The Navy plans to restart officer promotion boards in July, with some process tweaks in place to mitigate COVID-19 risks, after taking what will be a three-month hiatus during the busy promotions season.
Starting in July, the Navy will reduce the number of people who typically travel to attend promotion and administrative screening boards hosted by the Navy Personnel Command in Millington, Tenn., Vice Adm. John Nowell, the chief of naval personnel, said during a Friday breakfast briefing with reporters.
“When we start the boards back up, we’re going to go to bringing a cohort of board members in and then having them do multiple boards,” Nowell said. “So, we’ll do some boards back-to-back.”
Before COVID-19, the Navy brought to Millington different boards to consider promotions for each rank. The plan is to now bring fewer boards to consider promotions for multiple ranks.
Other protective measures are based on guidance from the Department of Defense and Centers for Disease Control and Prevention guidance. A NAVADMIN released by Nowell details the board process, include pulling board members “from locations that maximize the use of direct flights or individual ground transportation (POV or rental) where practicable.”
However, focusing on populating boards with members from cities with direct flights to and from Memphis – the closest airport to Millington – risks limiting the geographic diversity of board composition. Fleet concentration centers in the Washington D.C. and Chicago metropolitan areas are the only locations where the local airports host direct flight service to Memphis International Airport, according to the airport.
The Marine Corps, which convenes its officer promotion boards in Quantico, Va., is the only service conducting boards near a large concentration of officers. Army and Air Force promotion boards often require travel. The Army convenes promotion boards at Fort Knox, Ky. The Air Force holds promotion boards at Joint Base San Antonio in Texas.
Once those board members convene, details down to even how they eat will be regulated to maximize social distancing and eliminate the need for board members to depart the base in Millington, according to the NAVADMIN. The board dining and conference rooms will be cleaned more frequently, and hand sanitizer will be prominently displayed.

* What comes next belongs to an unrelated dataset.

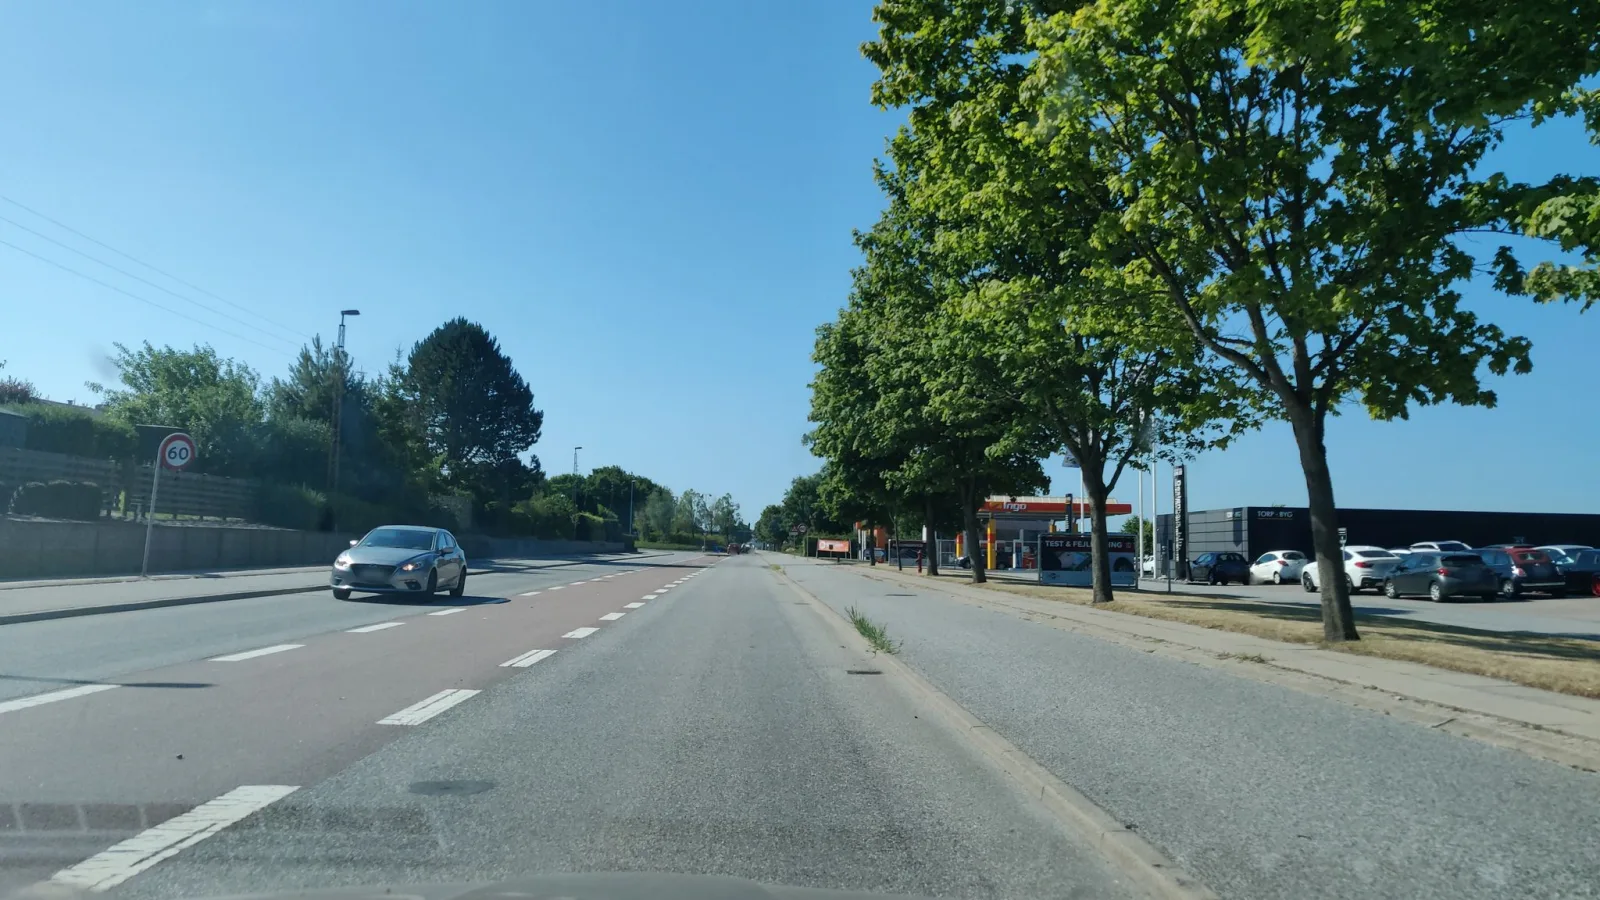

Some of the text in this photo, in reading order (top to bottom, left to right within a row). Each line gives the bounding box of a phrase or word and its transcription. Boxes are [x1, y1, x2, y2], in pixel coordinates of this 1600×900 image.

[168, 447, 188, 460] 60
[1003, 501, 1027, 511] Ingo
[1072, 540, 1123, 548] FEJLING

The Navy halted convening promotion boards at its personnel headquarters in Millington on March 24, just as it was in the midst of considering most officer promotions. At the time, the boards stopped meeting to reduce the risk of COVID-19 exposure posed to Navy personnel traveling to and from Millington, Nowell previously stated.
Since March, Nowell’s staff explored various strategies to continue the promotion boards’ work. When possible, the Navy is holding virtual board meetings.
“First of all, we didn’t stop our promotion and advancement process,” Nowell said during the Friday breakfast. “You have statutory promotion boards, and you have administrative screening boards for things like department head, executive officer, commanding officer major command.”
Administrative screening boards are governed by Navy policy, while statutory boards are governed by federal law.
The Navy has some more flexibility with how to convene administrative screening boards, including holding some virtually or with board members who were already located in the same geographic area, Nowell said. Some Navy communities will continue executing milestones and other administrative selection boards using virtual meeting platforms or in locations where board members already are located.
Nowell does not think any officers or enlisted sailors will be disadvantaged by delays or changes to the promotion and screening board processes. If needed, Nowell said the Navy could backdate rank and pay.
“You will see us starting the boards back up here in the beginning of July for the ones we couldn’t do virtually or in another manner,” Nowell said. “And we’ll have them all complete by the end of the calendar year.